MERS-CoV against COVID-19
Received: 09-Feb-2021 / Accepted Date: 23-Feb-2021 / Published Date: 02-Mar-2021 DOI: 10.4172/2476-2024.1000e109
Keywords: MERS-CoV; COVID-19; Coronavirus
Editorial Note
Scientists have developed a Middle East respiratory syndrome coronavirus (MERS-CoV) strain that could be used as a vaccine against the disease In its envelope protein, the mutant MERS virus, rMERS-CoV-ΔE, has a mutation that makes it capable of infecting a cell and replicating its genetic material, but deprives it of the ability to spread and cause disease to other tissues.
Scientists suggest it could be used as the basis of a safe and efficient live-attenuated vaccine against MERS once additional safe guards are engineered into the virus. The injected vaccine can only circulate and generate sufficient antigen in a reduced number of cells to immunise the host.
Most individuals, including those in direct contact with a vaccinated person, cannot be affected by it.
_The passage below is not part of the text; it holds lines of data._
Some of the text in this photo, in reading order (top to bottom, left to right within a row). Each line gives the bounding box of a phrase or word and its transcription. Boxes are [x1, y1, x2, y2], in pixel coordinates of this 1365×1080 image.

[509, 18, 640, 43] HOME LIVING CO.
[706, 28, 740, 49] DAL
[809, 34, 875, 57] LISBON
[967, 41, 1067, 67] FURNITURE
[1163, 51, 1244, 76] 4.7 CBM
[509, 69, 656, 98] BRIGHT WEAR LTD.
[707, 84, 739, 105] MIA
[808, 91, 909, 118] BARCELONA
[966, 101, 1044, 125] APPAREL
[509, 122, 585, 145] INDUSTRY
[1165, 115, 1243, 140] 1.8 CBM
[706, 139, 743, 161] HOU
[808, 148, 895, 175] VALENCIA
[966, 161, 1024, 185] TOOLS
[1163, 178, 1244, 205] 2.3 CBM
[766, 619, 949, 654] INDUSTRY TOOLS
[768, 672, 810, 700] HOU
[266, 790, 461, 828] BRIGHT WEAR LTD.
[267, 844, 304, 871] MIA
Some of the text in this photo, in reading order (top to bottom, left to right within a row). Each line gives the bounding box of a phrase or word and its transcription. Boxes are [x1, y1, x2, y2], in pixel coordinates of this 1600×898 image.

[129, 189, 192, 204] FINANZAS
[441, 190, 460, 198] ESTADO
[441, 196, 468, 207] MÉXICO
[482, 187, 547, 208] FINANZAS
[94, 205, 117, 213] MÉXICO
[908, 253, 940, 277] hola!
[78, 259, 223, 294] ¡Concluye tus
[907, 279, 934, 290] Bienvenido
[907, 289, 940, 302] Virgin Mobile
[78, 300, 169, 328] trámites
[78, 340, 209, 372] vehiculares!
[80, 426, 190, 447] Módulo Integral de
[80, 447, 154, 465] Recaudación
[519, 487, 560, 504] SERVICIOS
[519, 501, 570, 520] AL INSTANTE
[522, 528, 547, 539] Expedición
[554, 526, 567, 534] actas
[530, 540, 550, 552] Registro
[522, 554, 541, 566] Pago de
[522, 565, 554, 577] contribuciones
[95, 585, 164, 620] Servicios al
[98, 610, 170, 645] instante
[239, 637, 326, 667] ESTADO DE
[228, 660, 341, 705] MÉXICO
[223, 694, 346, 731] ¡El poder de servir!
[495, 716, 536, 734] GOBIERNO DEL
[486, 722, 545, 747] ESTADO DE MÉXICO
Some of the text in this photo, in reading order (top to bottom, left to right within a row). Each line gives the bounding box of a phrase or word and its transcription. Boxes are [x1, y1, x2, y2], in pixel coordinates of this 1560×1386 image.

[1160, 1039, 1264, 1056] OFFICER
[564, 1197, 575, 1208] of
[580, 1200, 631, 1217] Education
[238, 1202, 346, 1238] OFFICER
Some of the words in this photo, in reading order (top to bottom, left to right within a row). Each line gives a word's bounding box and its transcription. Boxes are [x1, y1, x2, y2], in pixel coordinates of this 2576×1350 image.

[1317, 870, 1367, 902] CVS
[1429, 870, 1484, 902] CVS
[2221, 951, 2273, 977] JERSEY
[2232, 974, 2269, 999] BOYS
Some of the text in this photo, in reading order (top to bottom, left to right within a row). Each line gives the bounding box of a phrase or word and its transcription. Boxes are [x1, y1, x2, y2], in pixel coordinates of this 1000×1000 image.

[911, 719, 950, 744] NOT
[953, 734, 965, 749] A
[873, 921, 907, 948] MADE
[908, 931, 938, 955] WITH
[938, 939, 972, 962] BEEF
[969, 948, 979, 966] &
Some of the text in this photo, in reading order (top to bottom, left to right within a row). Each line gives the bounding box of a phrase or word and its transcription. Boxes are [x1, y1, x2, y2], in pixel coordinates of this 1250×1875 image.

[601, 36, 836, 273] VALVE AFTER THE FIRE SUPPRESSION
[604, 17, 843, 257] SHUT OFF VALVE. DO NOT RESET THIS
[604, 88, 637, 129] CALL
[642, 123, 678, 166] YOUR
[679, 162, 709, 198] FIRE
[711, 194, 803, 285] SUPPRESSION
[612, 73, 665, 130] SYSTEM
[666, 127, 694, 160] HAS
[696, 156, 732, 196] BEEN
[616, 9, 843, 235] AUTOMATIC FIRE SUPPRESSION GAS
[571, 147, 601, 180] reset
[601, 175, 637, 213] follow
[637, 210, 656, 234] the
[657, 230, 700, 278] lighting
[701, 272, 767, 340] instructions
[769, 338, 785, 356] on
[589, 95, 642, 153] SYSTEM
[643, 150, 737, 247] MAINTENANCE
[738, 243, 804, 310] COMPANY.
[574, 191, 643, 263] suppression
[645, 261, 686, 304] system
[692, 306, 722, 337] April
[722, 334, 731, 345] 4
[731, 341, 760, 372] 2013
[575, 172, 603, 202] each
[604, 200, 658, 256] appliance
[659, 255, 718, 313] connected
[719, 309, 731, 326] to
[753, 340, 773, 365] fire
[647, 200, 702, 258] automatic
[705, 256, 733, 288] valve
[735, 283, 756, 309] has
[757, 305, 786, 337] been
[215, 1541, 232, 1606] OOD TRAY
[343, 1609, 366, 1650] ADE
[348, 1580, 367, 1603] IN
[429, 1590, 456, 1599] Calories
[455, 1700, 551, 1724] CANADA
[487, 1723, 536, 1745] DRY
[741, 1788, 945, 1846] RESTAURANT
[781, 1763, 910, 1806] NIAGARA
Although the overall number of cases is still relatively small, public health authorities are concerned by the case fatality rate and the spread of the virus to countries outside the Middle East. A much more severe outbreak is likely if the virus has the capacity to spread easily from person to person. On coronavirus molecular biology for the synthesis of the infectious cDNA clone of the MERS-CoV genome on the basis of the published sequence. In a bacterial artificial chromosome, they inserted the viral cDNA chromosome and mutated some of its genes, one by one, to study the effects on the ability of the virus to infect, reproduce, and reinfect cultured human cells.
Mutations that disabled the accessory genes 3,4a,4b and 5 did not appear to interact with the virus. Mutant viruses had growth rates close to those of the wild-type virus, suggesting that the mutations did not disable the virus enough for mutants to be deployed in the vaccine.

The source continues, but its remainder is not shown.